• **Records shown**:
——
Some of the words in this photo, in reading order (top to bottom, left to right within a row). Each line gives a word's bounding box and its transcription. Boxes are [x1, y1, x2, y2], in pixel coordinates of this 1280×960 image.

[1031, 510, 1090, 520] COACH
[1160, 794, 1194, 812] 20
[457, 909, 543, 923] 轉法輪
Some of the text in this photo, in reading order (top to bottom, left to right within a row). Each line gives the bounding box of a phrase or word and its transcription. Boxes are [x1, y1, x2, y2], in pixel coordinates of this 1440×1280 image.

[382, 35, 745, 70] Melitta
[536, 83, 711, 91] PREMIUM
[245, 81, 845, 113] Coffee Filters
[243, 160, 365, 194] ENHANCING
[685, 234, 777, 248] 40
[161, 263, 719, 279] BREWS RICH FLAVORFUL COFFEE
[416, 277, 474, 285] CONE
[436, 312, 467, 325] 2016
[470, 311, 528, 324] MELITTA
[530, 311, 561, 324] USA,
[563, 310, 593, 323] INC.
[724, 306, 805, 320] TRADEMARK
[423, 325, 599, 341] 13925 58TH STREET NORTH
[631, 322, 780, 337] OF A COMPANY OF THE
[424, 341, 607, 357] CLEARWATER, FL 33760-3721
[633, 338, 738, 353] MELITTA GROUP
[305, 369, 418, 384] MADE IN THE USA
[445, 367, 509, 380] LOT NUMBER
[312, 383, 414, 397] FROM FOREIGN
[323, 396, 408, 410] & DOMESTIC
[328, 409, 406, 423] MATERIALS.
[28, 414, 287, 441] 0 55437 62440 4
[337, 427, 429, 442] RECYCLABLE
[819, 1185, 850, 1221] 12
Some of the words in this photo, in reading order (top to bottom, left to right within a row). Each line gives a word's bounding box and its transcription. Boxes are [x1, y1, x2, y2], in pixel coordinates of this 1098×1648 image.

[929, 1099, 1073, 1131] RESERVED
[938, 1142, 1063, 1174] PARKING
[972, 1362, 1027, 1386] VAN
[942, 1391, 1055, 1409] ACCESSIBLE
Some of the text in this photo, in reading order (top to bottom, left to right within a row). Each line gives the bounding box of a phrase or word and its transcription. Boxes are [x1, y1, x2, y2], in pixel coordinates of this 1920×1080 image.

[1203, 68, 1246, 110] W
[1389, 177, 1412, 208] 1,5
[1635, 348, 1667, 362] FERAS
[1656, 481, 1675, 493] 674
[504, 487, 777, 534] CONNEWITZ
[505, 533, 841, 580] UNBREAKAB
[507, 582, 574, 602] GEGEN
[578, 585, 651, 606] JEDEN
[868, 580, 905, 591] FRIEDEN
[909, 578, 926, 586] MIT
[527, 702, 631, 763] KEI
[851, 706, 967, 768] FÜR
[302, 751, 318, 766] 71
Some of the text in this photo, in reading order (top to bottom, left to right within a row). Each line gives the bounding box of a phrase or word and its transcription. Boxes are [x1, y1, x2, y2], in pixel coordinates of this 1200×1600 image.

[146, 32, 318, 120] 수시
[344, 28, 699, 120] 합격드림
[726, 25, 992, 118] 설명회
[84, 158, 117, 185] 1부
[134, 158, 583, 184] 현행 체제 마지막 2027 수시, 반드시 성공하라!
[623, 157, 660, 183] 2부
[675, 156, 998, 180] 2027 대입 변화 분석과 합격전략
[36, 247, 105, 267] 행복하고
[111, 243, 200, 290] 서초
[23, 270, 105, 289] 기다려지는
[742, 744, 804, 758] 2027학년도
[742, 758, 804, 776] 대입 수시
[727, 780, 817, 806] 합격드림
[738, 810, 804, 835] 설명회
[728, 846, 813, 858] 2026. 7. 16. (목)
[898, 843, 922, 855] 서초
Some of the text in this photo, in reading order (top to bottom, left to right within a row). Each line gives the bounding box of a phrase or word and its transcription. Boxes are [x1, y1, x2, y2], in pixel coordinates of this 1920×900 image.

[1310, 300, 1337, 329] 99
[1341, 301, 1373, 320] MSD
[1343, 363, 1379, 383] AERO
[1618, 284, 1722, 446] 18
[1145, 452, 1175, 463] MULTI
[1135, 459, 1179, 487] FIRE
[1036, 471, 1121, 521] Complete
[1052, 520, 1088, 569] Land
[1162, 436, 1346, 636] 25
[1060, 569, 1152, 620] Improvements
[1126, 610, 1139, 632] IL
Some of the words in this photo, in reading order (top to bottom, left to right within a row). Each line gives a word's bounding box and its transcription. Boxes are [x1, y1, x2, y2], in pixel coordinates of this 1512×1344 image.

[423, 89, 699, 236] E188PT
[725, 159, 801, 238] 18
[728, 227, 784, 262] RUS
——
• **Your task**:
Your response should consist of the full listing, exactly as written.

• **Answer to this exercise**:
Some of the words in this photo, in reading order (top to bottom, left to right within a row). Each line gives a word's bounding box and its transcription. Boxes are [x1, y1, x2, y2], in pixel coordinates of this 1280×960 image.

[1031, 510, 1090, 520] COACH
[1160, 794, 1194, 812] 20
[457, 909, 543, 923] 轉法輪
Some of the text in this photo, in reading order (top to bottom, left to right within a row). Each line gives the bounding box of a phrase or word and its transcription. Boxes are [x1, y1, x2, y2], in pixel coordinates of this 1440×1280 image.

[382, 35, 745, 70] Melitta
[536, 83, 711, 91] PREMIUM
[245, 81, 845, 113] Coffee Filters
[243, 160, 365, 194] ENHANCING
[685, 234, 777, 248] 40
[161, 263, 719, 279] BREWS RICH FLAVORFUL COFFEE
[416, 277, 474, 285] CONE
[436, 312, 467, 325] 2016
[470, 311, 528, 324] MELITTA
[530, 311, 561, 324] USA,
[563, 310, 593, 323] INC.
[724, 306, 805, 320] TRADEMARK
[423, 325, 599, 341] 13925 58TH STREET NORTH
[631, 322, 780, 337] OF A COMPANY OF THE
[424, 341, 607, 357] CLEARWATER, FL 33760-3721
[633, 338, 738, 353] MELITTA GROUP
[305, 369, 418, 384] MADE IN THE USA
[445, 367, 509, 380] LOT NUMBER
[312, 383, 414, 397] FROM FOREIGN
[323, 396, 408, 410] & DOMESTIC
[328, 409, 406, 423] MATERIALS.
[28, 414, 287, 441] 0 55437 62440 4
[337, 427, 429, 442] RECYCLABLE
[819, 1185, 850, 1221] 12
Some of the words in this photo, in reading order (top to bottom, left to right within a row). Each line gives a word's bounding box and its transcription. Boxes are [x1, y1, x2, y2], in pixel coordinates of this 1098×1648 image.

[929, 1099, 1073, 1131] RESERVED
[938, 1142, 1063, 1174] PARKING
[972, 1362, 1027, 1386] VAN
[942, 1391, 1055, 1409] ACCESSIBLE
Some of the text in this photo, in reading order (top to bottom, left to right within a row). Each line gives the bounding box of a phrase or word and its transcription. Boxes are [x1, y1, x2, y2], in pixel coordinates of this 1920×1080 image.

[1203, 68, 1246, 110] W
[1389, 177, 1412, 208] 1,5
[1635, 348, 1667, 362] FERAS
[1656, 481, 1675, 493] 674
[504, 487, 777, 534] CONNEWITZ
[505, 533, 841, 580] UNBREAKAB
[507, 582, 574, 602] GEGEN
[578, 585, 651, 606] JEDEN
[868, 580, 905, 591] FRIEDEN
[909, 578, 926, 586] MIT
[527, 702, 631, 763] KEI
[851, 706, 967, 768] FÜR
[302, 751, 318, 766] 71
Some of the text in this photo, in reading order (top to bottom, left to right within a row). Each line gives the bounding box of a phrase or word and its transcription. Boxes are [x1, y1, x2, y2], in pixel coordinates of this 1200×1600 image.

[146, 32, 318, 120] 수시
[344, 28, 699, 120] 합격드림
[726, 25, 992, 118] 설명회
[84, 158, 117, 185] 1부
[134, 158, 583, 184] 현행 체제 마지막 2027 수시, 반드시 성공하라!
[623, 157, 660, 183] 2부
[675, 156, 998, 180] 2027 대입 변화 분석과 합격전략
[36, 247, 105, 267] 행복하고
[111, 243, 200, 290] 서초
[23, 270, 105, 289] 기다려지는
[742, 744, 804, 758] 2027학년도
[742, 758, 804, 776] 대입 수시
[727, 780, 817, 806] 합격드림
[738, 810, 804, 835] 설명회
[728, 846, 813, 858] 2026. 7. 16. (목)
[898, 843, 922, 855] 서초
Some of the text in this photo, in reading order (top to bottom, left to right within a row). Each line gives the bounding box of a phrase or word and its transcription. Boxes are [x1, y1, x2, y2], in pixel coordinates of this 1920×900 image.

[1310, 300, 1337, 329] 99
[1341, 301, 1373, 320] MSD
[1343, 363, 1379, 383] AERO
[1618, 284, 1722, 446] 18
[1145, 452, 1175, 463] MULTI
[1135, 459, 1179, 487] FIRE
[1036, 471, 1121, 521] Complete
[1052, 520, 1088, 569] Land
[1162, 436, 1346, 636] 25
[1060, 569, 1152, 620] Improvements
[1126, 610, 1139, 632] IL
Some of the words in this photo, in reading order (top to bottom, left to right within a row). Each line gives a word's bounding box and its transcription. Boxes are [x1, y1, x2, y2], in pixel coordinates of this 1512×1344 image.

[423, 89, 699, 236] E188PT
[725, 159, 801, 238] 18
[728, 227, 784, 262] RUS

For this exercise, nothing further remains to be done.